Falmouth toddler Theo Ward is back home after undergoing pioneering proton beam therapy in Florida but his family have to wait possibly for years to know whether the treatment has been successful in obliterating the youngster's tumour.

Theo, aged two, was accompanied to America by his parents, Lisa and James, and his big sister Evie-Mai, who spent almost eight weeks living in an apartment while the youngster spent up to three hours a day in hospital, almost every day of their trip.

The NHS funded the proton beam treatment after it was discovered that Theo had a rare form of cancer, Embryonal rhabdomyosarcoma, which affects fewer than 60 children a year. A tumour had developed behind his left eye which is inoperable so the treatment in Florida was deemed his best chance of beating the disease.

Theo has been enduring regular chemotherapy sessions over the past year, which continued in Florida alongside the new treatment. After a couple of days to settle in, Theo had MRI and CT scans and a mask was made which the toddler had to wear during the treatment which showed exactly where to direct the proton beams.

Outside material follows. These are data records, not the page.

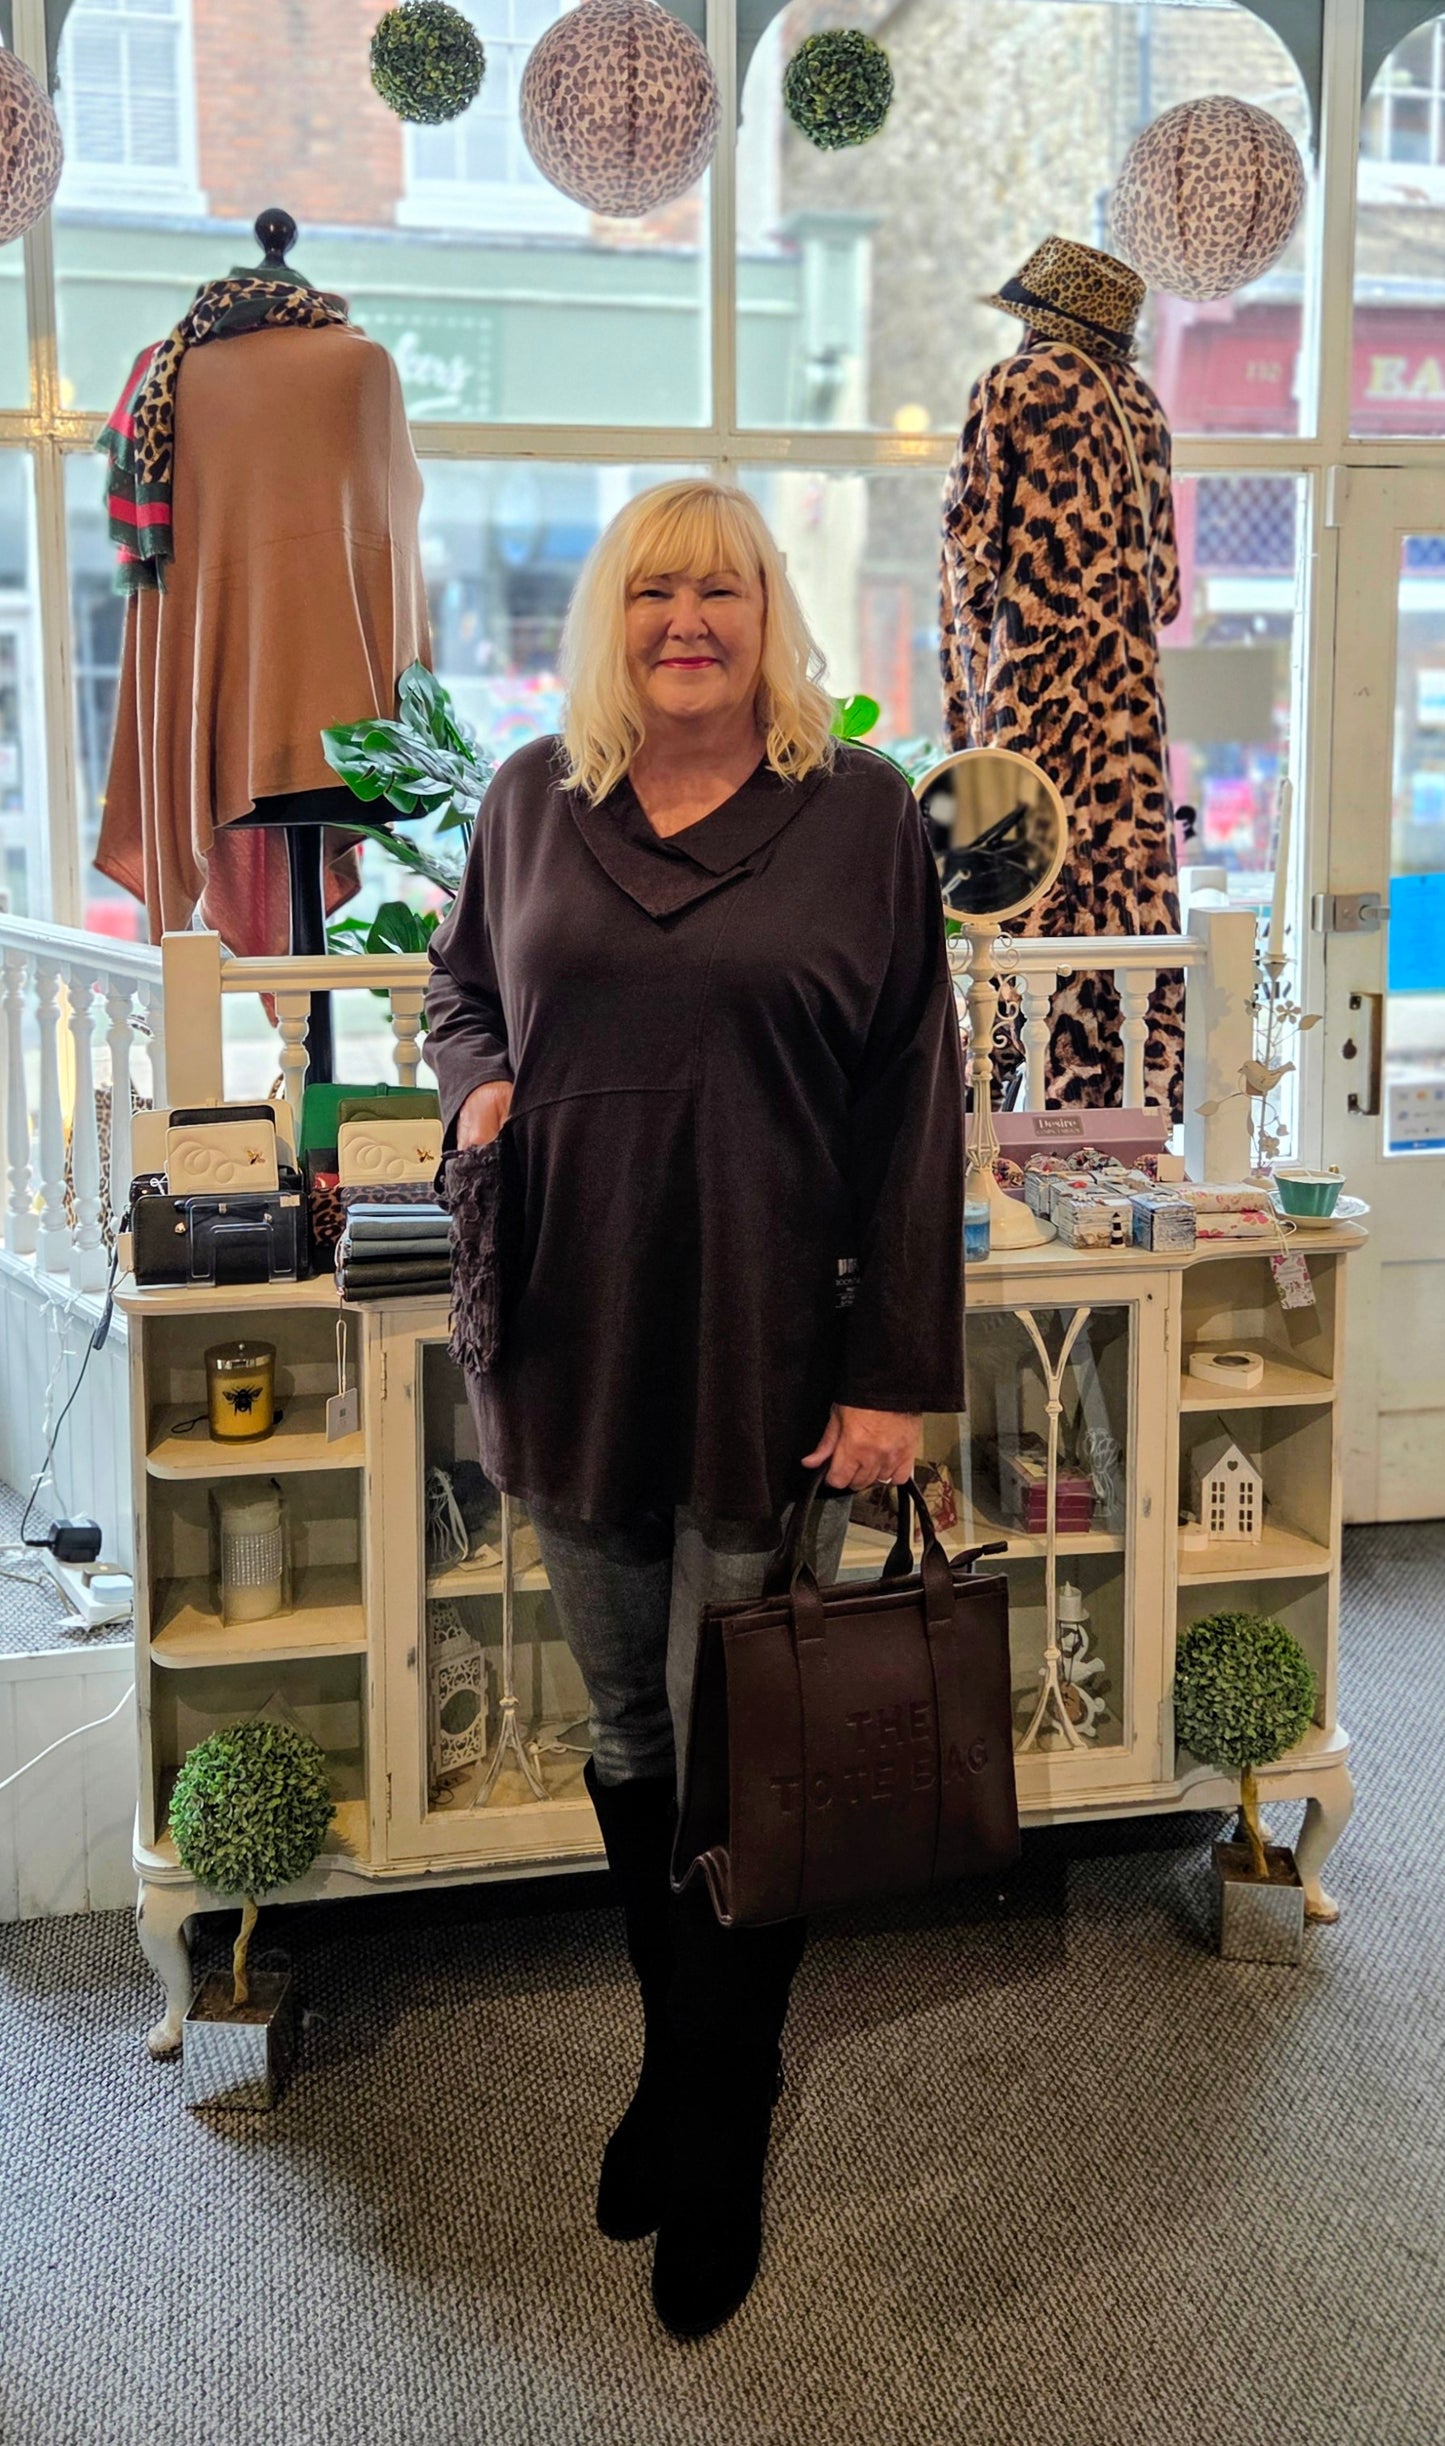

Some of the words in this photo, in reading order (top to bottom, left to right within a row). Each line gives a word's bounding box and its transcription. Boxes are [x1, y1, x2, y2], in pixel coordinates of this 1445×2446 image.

[1038, 1117, 1077, 1129] Desire
[845, 1701, 932, 1753] THE
[769, 1760, 894, 1816] TOTE
[910, 1736, 989, 1793] BAG
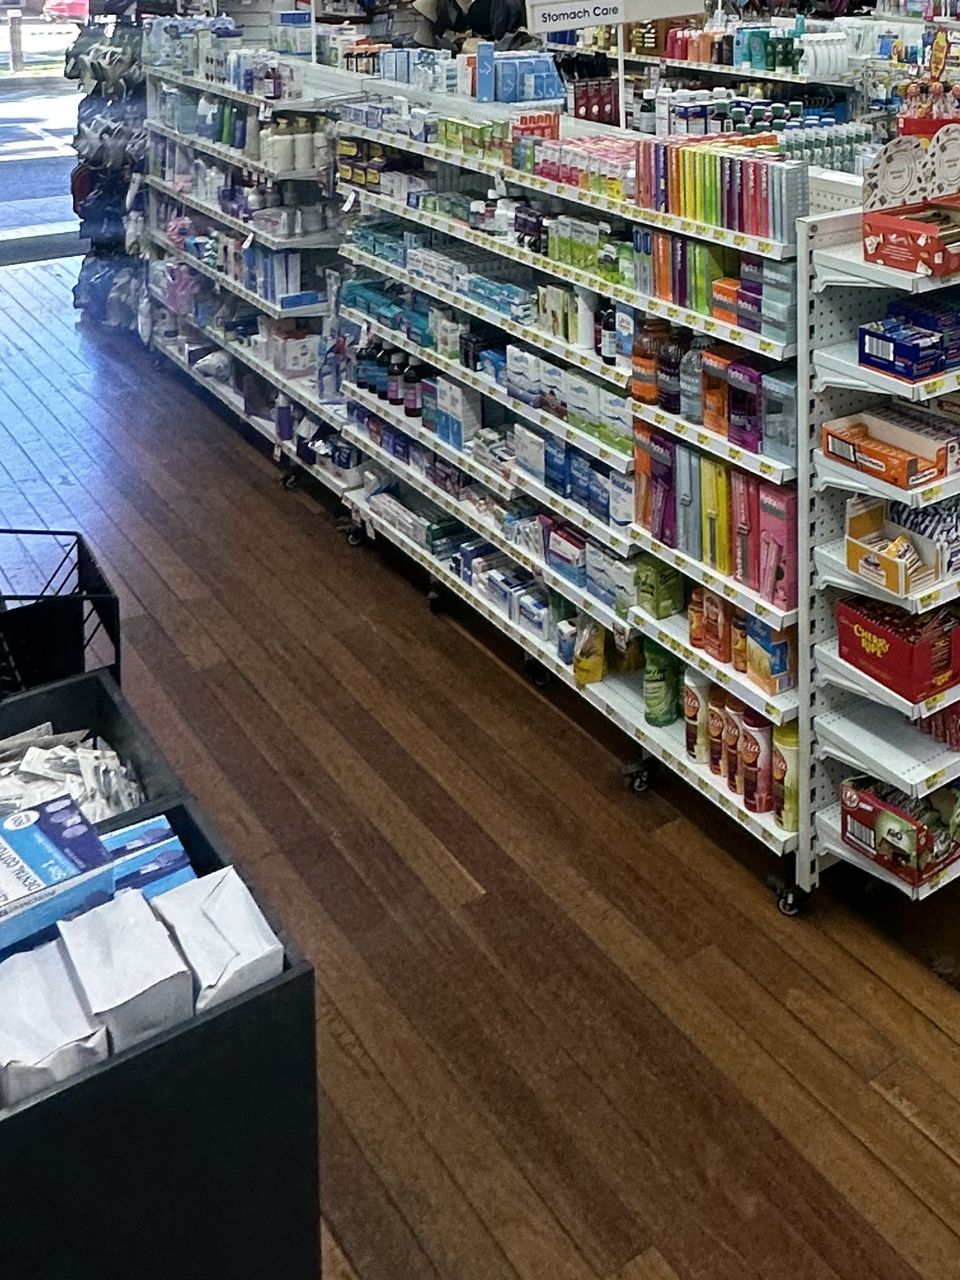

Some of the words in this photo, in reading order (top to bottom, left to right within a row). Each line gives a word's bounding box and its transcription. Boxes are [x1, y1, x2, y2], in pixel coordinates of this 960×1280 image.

[541, 7, 591, 23] Stomach
[592, 5, 619, 17] Care
[12, 865, 42, 892] DENTAL
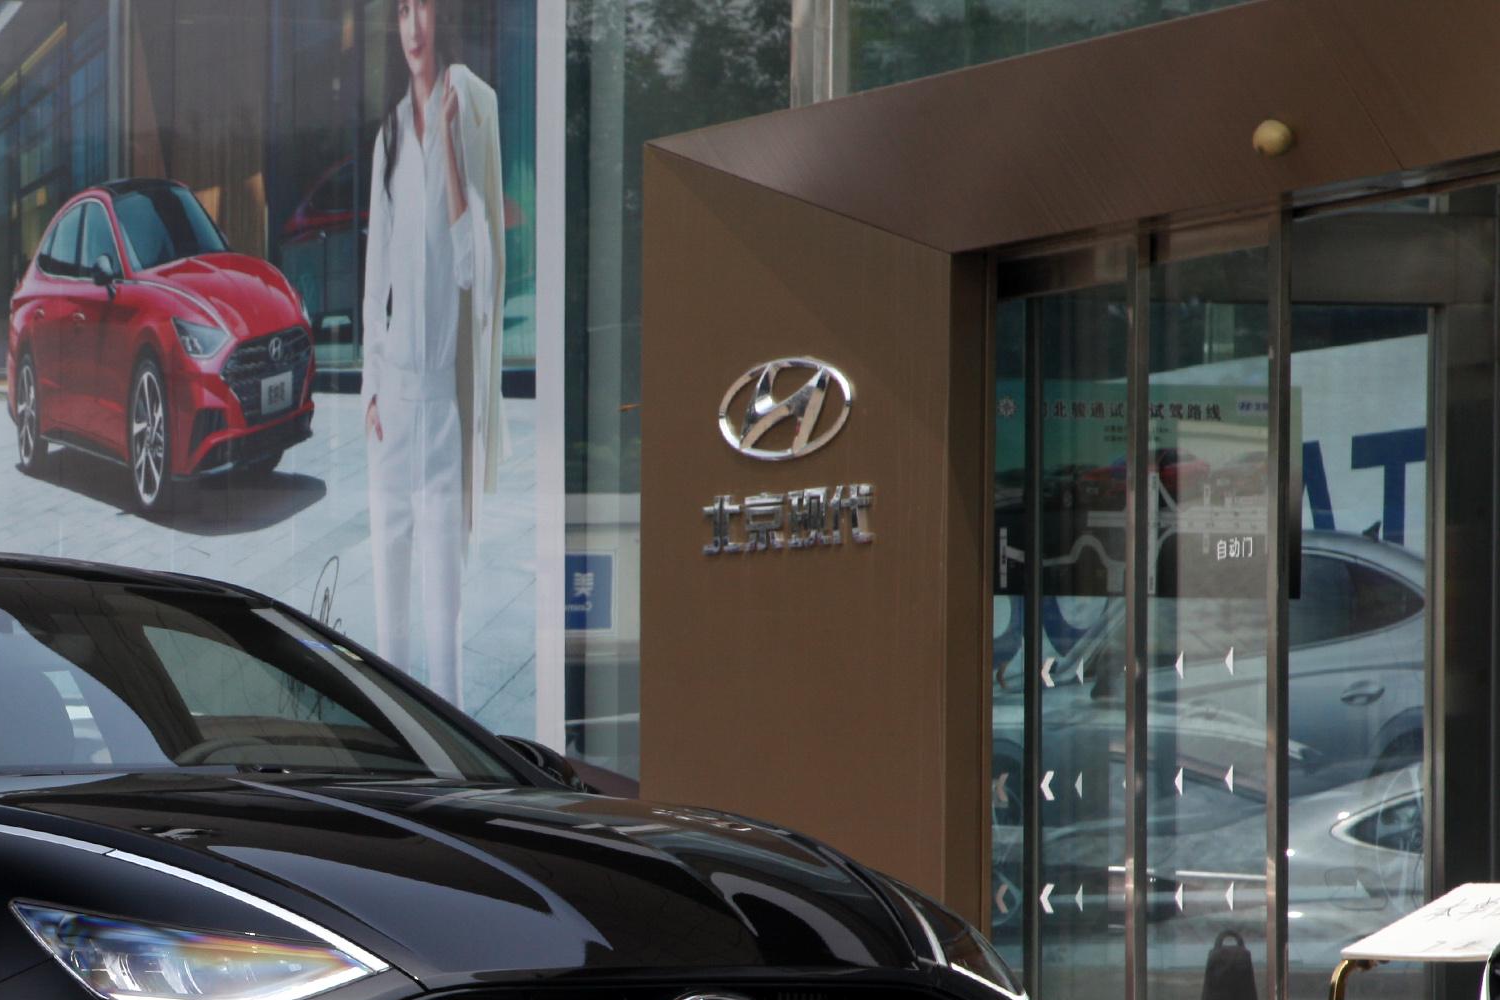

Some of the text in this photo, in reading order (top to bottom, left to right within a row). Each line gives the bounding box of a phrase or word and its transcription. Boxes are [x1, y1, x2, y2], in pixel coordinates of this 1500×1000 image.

[703, 483, 874, 555] 北京现代
[1216, 536, 1253, 560] 自动门
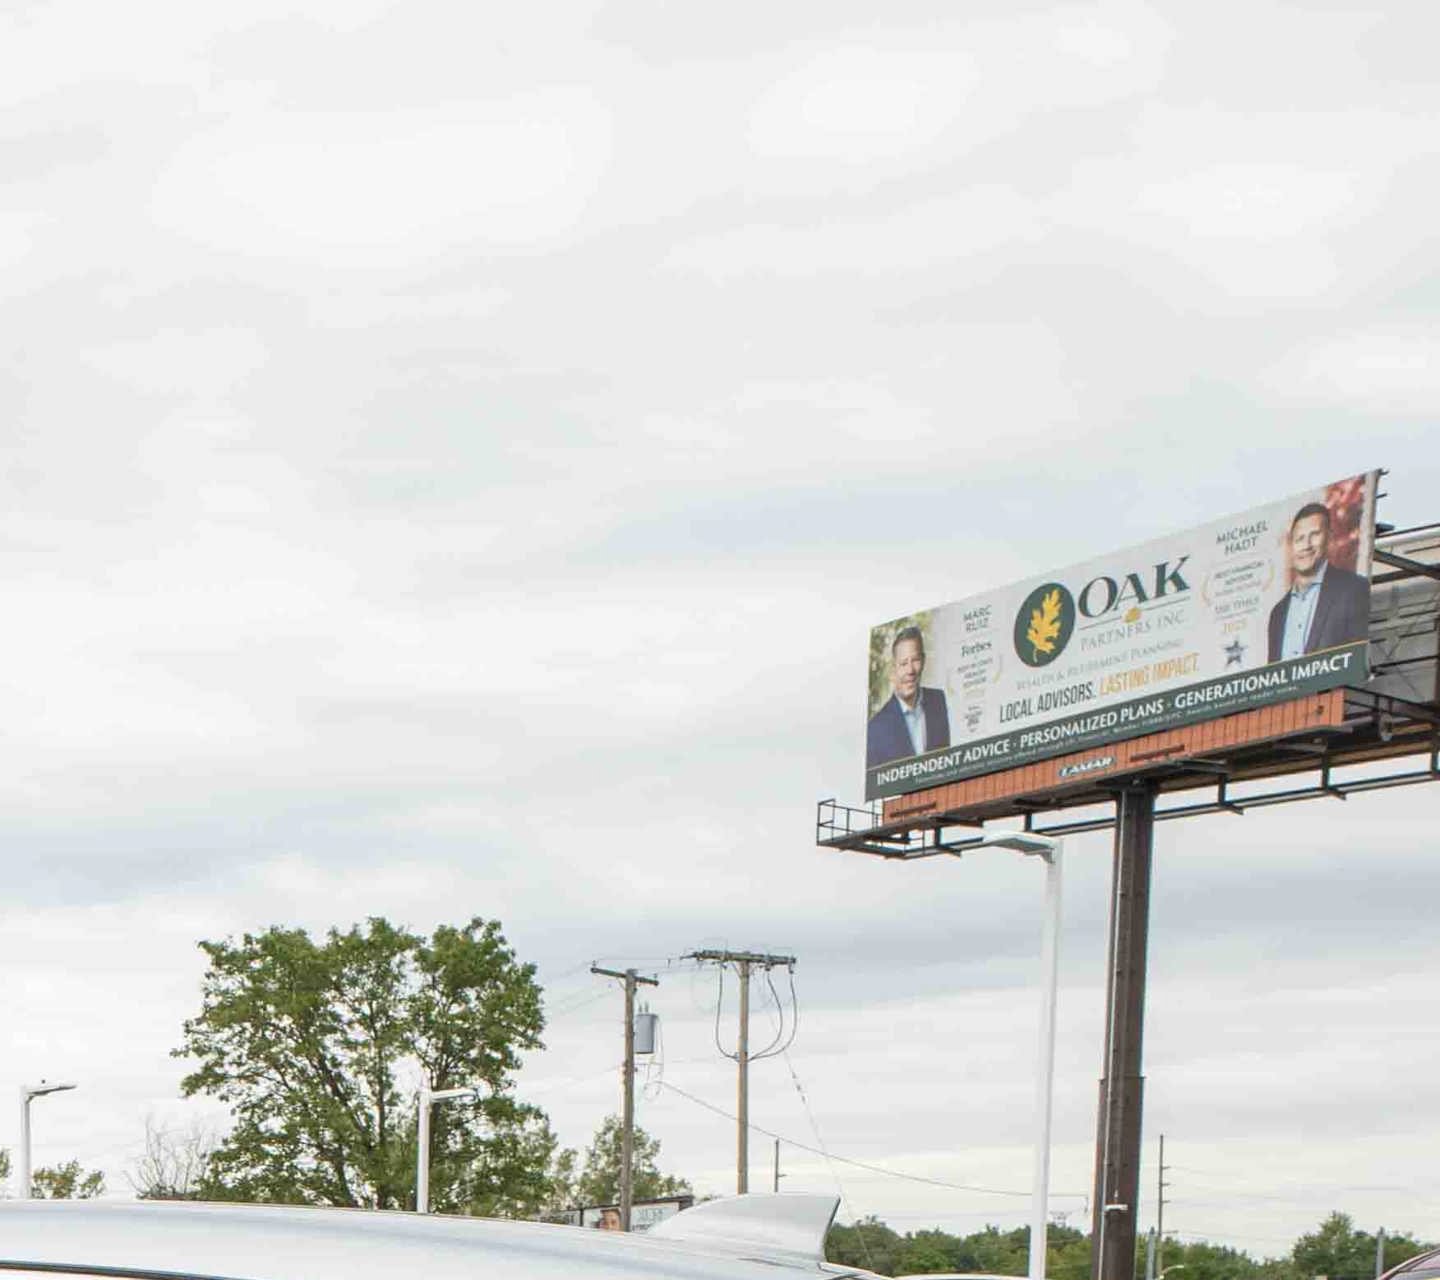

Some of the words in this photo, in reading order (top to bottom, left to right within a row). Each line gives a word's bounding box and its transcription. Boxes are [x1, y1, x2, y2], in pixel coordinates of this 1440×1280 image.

[1216, 520, 1269, 545] MICHAEL
[1224, 535, 1258, 556] HADT
[1078, 554, 1191, 618] OAK
[963, 604, 993, 622] MARC
[966, 616, 990, 633] RUIZ
[1080, 621, 1152, 652] PARTNERS
[1156, 610, 1186, 629] INC
[961, 641, 993, 657] Forbes
[1130, 639, 1183, 662] PLANNING
[999, 698, 1034, 723] LOCAL
[1037, 681, 1097, 714] ADVISORS.
[1099, 664, 1151, 696] LASTING
[877, 751, 961, 786] INDEPENDENT
[963, 738, 1010, 764] ADVICE
[1020, 711, 1119, 749] PERSONALIZED
[1120, 698, 1165, 723] PLANS
[1174, 669, 1289, 709] GENERATIONAL
[1291, 652, 1353, 681] IMPACT
[1061, 757, 1114, 777] LAMAR

"The treatment was quite intensive, but he was so good," said Lisa. "He had 27 general anaesthetics while we were there, 25 for the proton therapy - one every week day - and two for the scans. The proton treatment only took about ten minutes, but he would be in hospital for two to three hours every time.

"His eye went really red and is very sensitive, just like an intense sunburn, which is all part of it and we were completely prepared for that. Luckily he was not sick or anything, he handled it really well and it just became normal for him."

While James took Theo to the hospital, Lisa stayed at the apartment and home-schooled Evie-Mai using work emailed by her new teacher at Marlborough School. Then, later in the evenings, because Theo has to stay out of direct sunlight, the entire family would go out to enjoy themselves.

"The proton centre got us tickets for pretty much everything," said Lisa. "They wanted us to have as much fun as possible while we were there and we do have some amazing memories." They went to the zoo twice, watched an American football game and met one of its stars, Zane Beadles, enjoyed Walt Disney World and several trips to the beach.

Now back home, the family have to play the waiting game. "It will be at least a year until we know if it has worked," said Lisa, "it could even be a number of years. "We were told the chance of Theo having vision in that eye is unlikely, but we don't know that yet either.

"Theo has to finish his chemotherapy, he has to have another three or four rounds, and then it will be just a case of surveillance. The hope is that therapy has blasted it (the tumour) and killed it off. They have told us not to judge anything but we are always going to have the worry. America wants to see Theo every couple of years to monitor things.

"We are just all looking forward to getting back to some sort of normality in the new year once Theo has had his Hickman line removed. We are hopeful that everything will be OK, that's all we can be."